18 janvier 2011

Is Education A Public Good or a Private Good?

http://chronicle.com/img/chronicle_logo.gifWhat makes a good a public good? Sandy Baum and Mike McPherson consider the case of higher education.
Advocates for more generous support of students frequently bemoan what they perceive as a social shift from viewing higher education as a “public good” to viewing it as a “private good.” What they mean is that the public gets benefits from people going to college and should not be transferring responsibility for the costs of education to students themselves. This conversation would be more constructive if its terms were more clearly defined and its categories less starkly delineated.
The concept of public goods is central to economic analysis of the role of government in the allocation of resources. Public goods are defined by two characteristics:
1) Non-excludability: It is not possible to exclude non-payers from consuming the good.
2) Non-rivalry in consumption: Additional people consuming the good do not diminish the benefit to others.
National defense and mosquito control are standard examples of public goods. The military cannot exclude from protection individuals who fail to pay their taxes. If the neighborhood is sprayed for mosquitoes, everyone in the area will benefit, whether or not they have paid. Moreover, I am no less safe if you are also protected by our army and get no additional mosquito bites just because you are also free from the pests.

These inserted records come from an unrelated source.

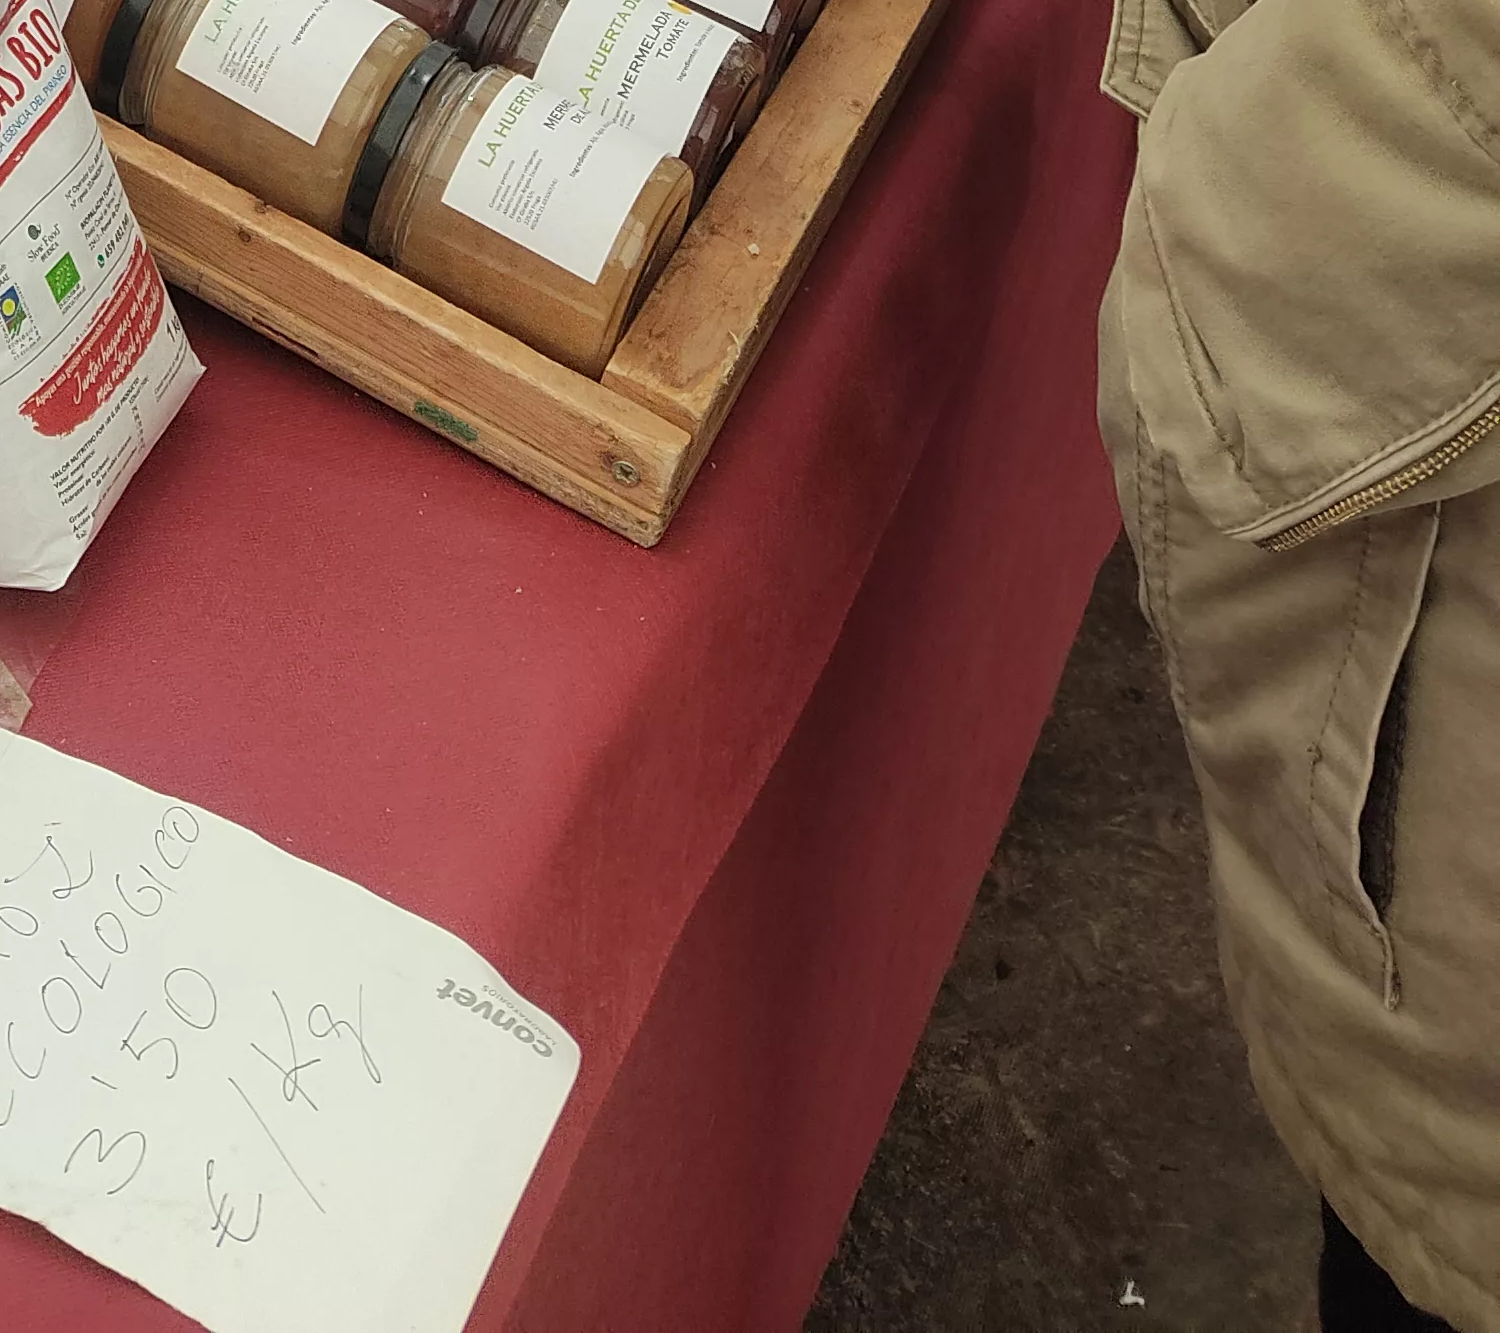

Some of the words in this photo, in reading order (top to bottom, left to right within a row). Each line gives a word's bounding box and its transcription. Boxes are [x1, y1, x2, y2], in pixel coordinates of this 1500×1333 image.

[5, 7, 63, 81] BIO
[575, 84, 594, 110] LA
[589, 13, 631, 82] HUERTA
[616, 9, 672, 101] MERMELADA
[655, 17, 691, 61] TOMATE
[2, 107, 33, 148] ESENCIA
[30, 93, 47, 115] DEL
[44, 63, 68, 101] PIRINEO
[477, 141, 502, 169] LA
[493, 85, 538, 139] HUERTA
[436, 978, 553, 1058] convet

Not many goods are perfect public goods. Some have one characteristic or the other. It is difficult to impose tolls on city streets (the streets are for the most part non-excludable), but traffic congestion is obviously a problem (rivalry). On the other hand, it is easy to prevent people who do not pay from entering a half-empty concert hall (excludable) but their presence (assuming they are well-behaved) would not diminish the enjoyment of those who are listening (non-rival).

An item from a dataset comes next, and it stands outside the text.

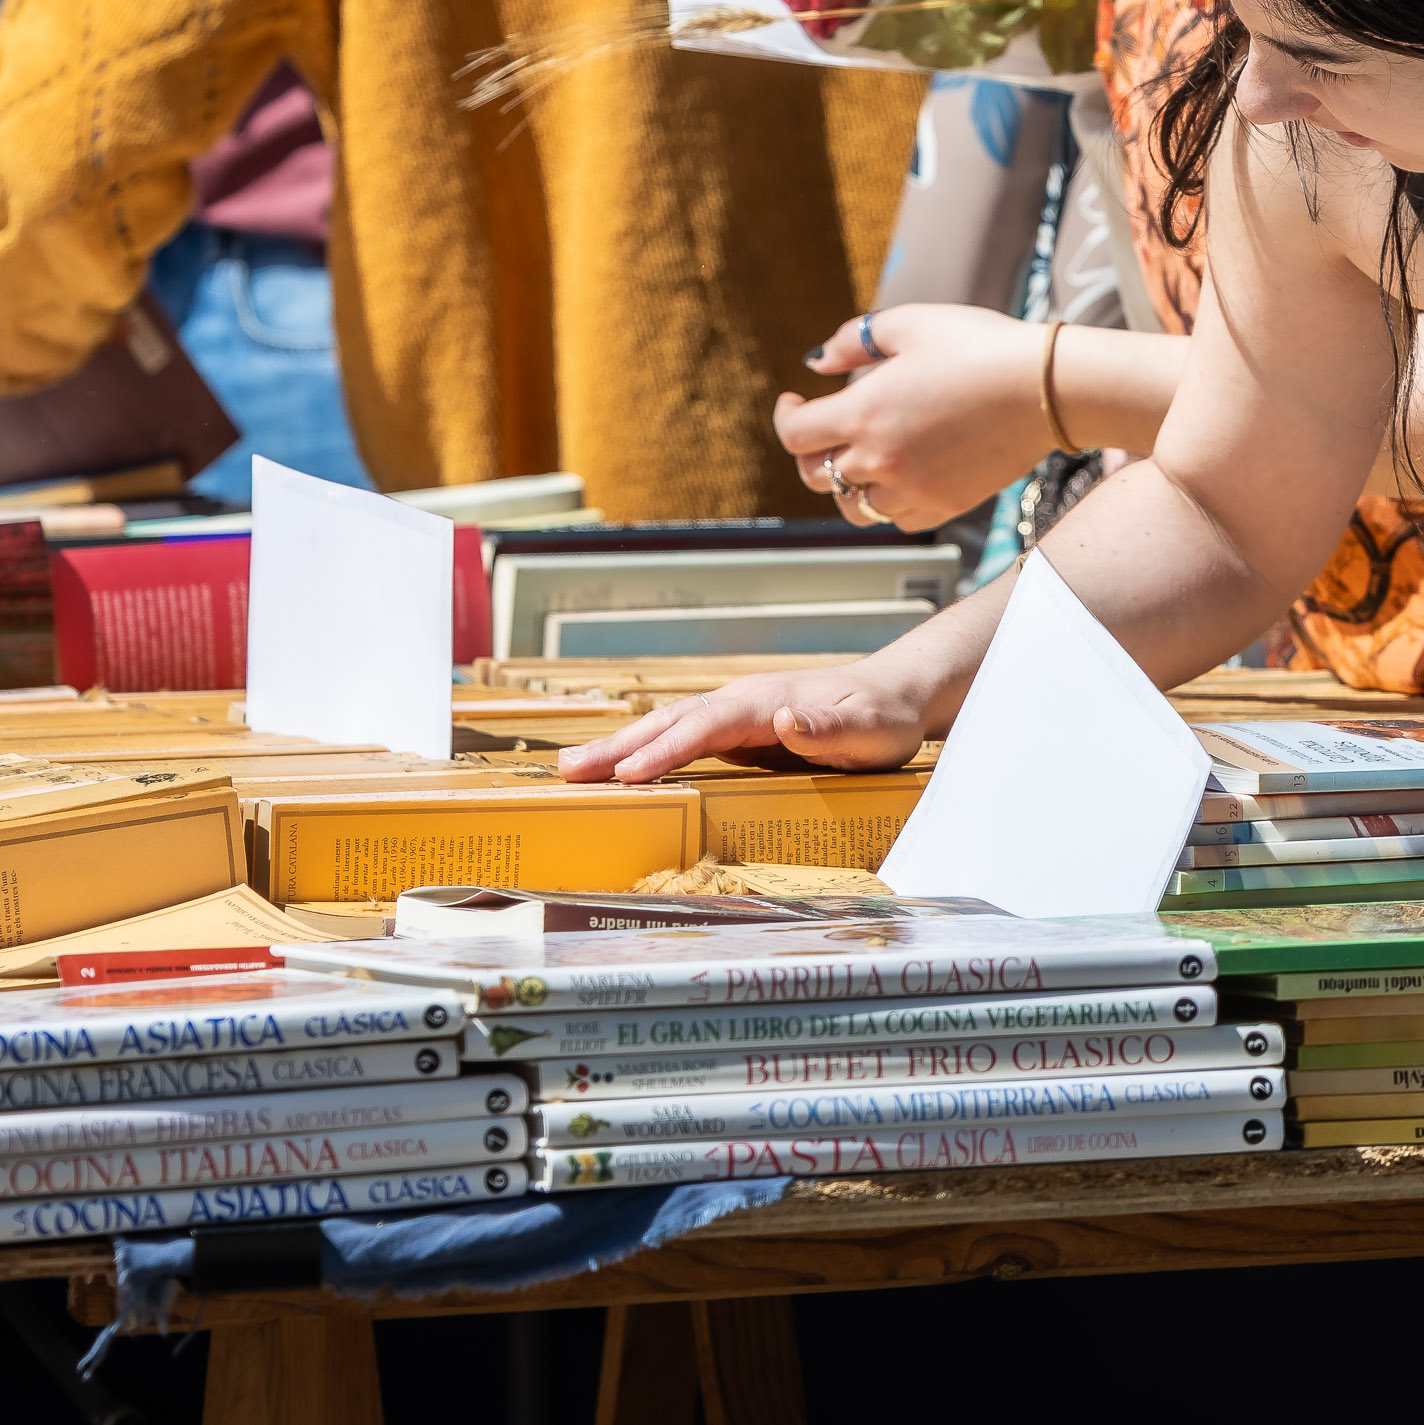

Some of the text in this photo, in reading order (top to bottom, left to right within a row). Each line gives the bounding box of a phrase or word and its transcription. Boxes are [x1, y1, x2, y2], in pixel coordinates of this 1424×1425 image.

Higher education is not a pure public good. It is clearly possible to exclude people who do not pay. What people who call education a public good mean is that there are positive externalities—not all of the benefits accrue to the students. Society benefits when more people go to college. People with a college education earn more than others, but their higher earnings do not reflect the whole of their contribution. Others who work with them earn higher wages because of the added flexibility, innovation, and productivity of the labor force. People with a college education tend to be more active citizens, with their volunteering and other activities benefiting those around them. There are more new products and services for all of us to enjoy because of the contributions of college graduates.
So the benefits of higher education are shared by the participants and the rest of society. It follows that it is reasonable for the costs to be shared as well. It would be inefficient not to subsidize colleges and their students. People would under-invest in their own education if they had to pay the full cost, because they would not choose to foot the bill for the benefits shared by all member of the society.
This argument does not, however, mean that students should not be paying a significant share of the cost of their own education—and even borrowing funds to make this investment. The students don’t reap the full benefit—but they do enjoy a significant fraction of it. They are likely to be better off—both financially and otherwise—than their compatriots who do not go to college.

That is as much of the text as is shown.